The campaign abuses developer trust, posing as legitimate projects to slip infostealers past crypto investors who download what looks like routine open-source tooling.

Kaspersky researchers identified a new malware campaign targeting crypto investors through fraudulent GitHub repositories and social engineering. The attackers pose as legitimate open-source projects, tricking developers and crypto users into downloading code that drops an infostealer on the host machine.

Why it matters

Open-source distribution has become one of the most effective delivery channels for crypto-focused malware because the trust model is built on reputation rather than verification. A repo that looks professional, has plausible commit history, and references a real project name is enough to get past a hurried download. Seed phrases, browser wallet extensions, and exchange credentials all live on the same machines developers use to clone a repo, so a single bad pull is enough to drain funds.

Market impact

Crypto-specific losses from stealer malware climbed sharply through 2025, and developer-targeted supply chain attacks have produced some of the year's largest individual incidents. The recurring read for investors is operational: keep cold storage off the same machine used for development, scope token approvals, and treat every GitHub download as untrusted until verified.

Frequently asked questions

  1. What did Kaspersky actually discover?

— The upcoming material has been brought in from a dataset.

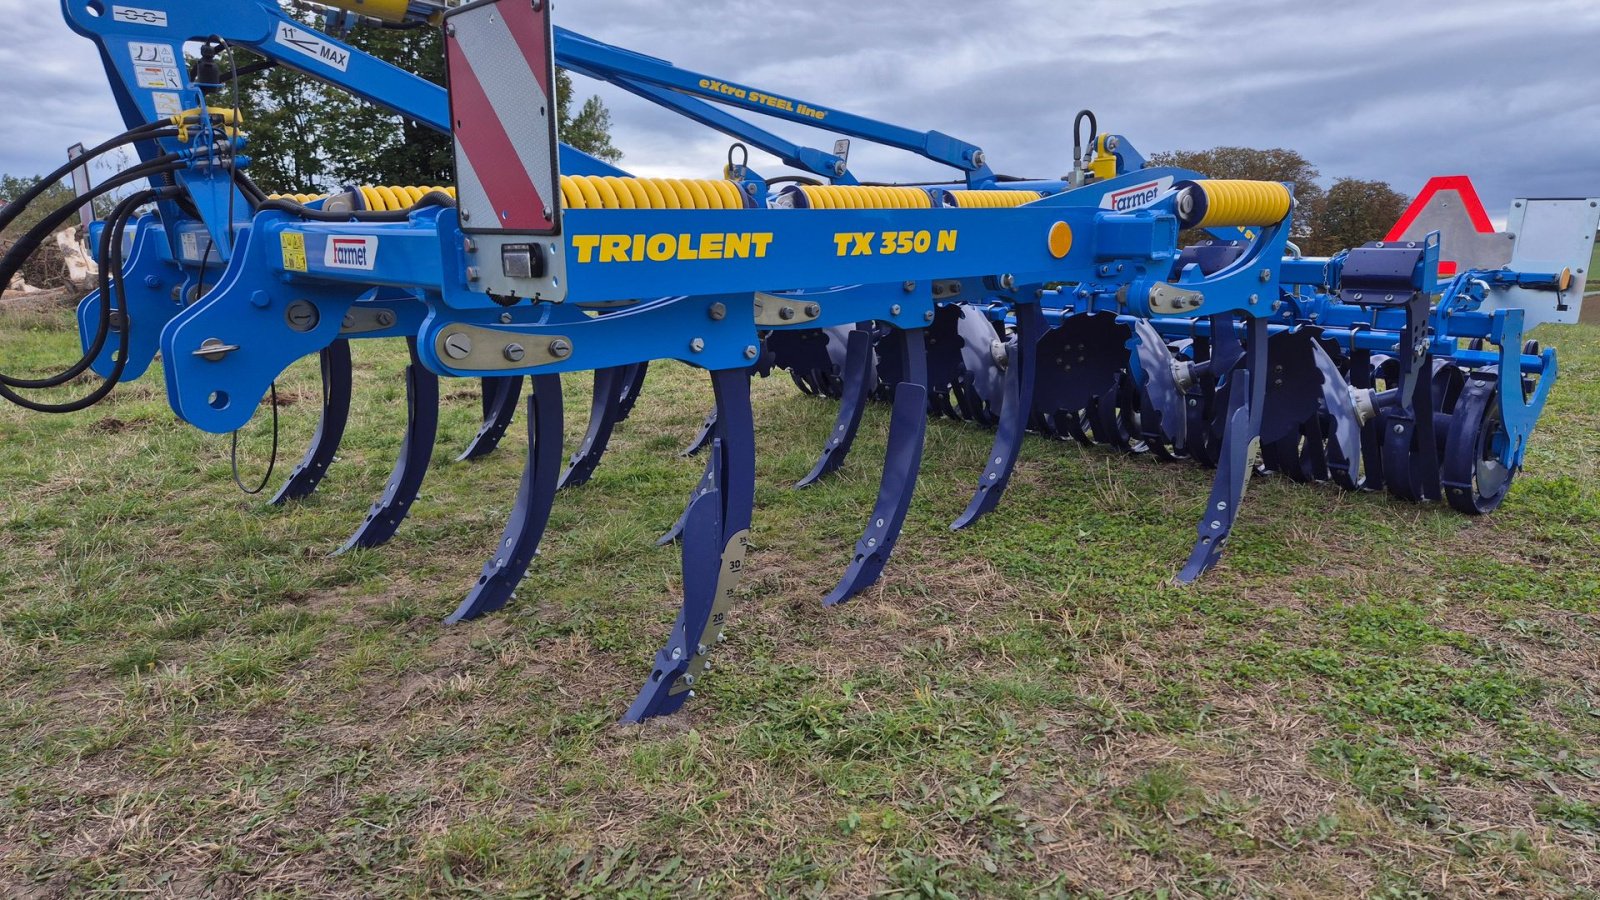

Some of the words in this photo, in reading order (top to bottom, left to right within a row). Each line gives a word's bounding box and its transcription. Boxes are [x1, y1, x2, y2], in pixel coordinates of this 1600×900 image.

    Kaspersky researchers identified a new malware campaign targeting crypto investors through fraudulent GitHub repositories and social engineering, posing as legitimate open-source projects to distribute an infostealer.

  2. How does the attack reach crypto users?

    Attackers publish fake repositories that look like legitimate projects. When a developer or crypto user clones the repo and runs the code, it drops an infostealer on the host machine.

  3. What does the malware try to steal?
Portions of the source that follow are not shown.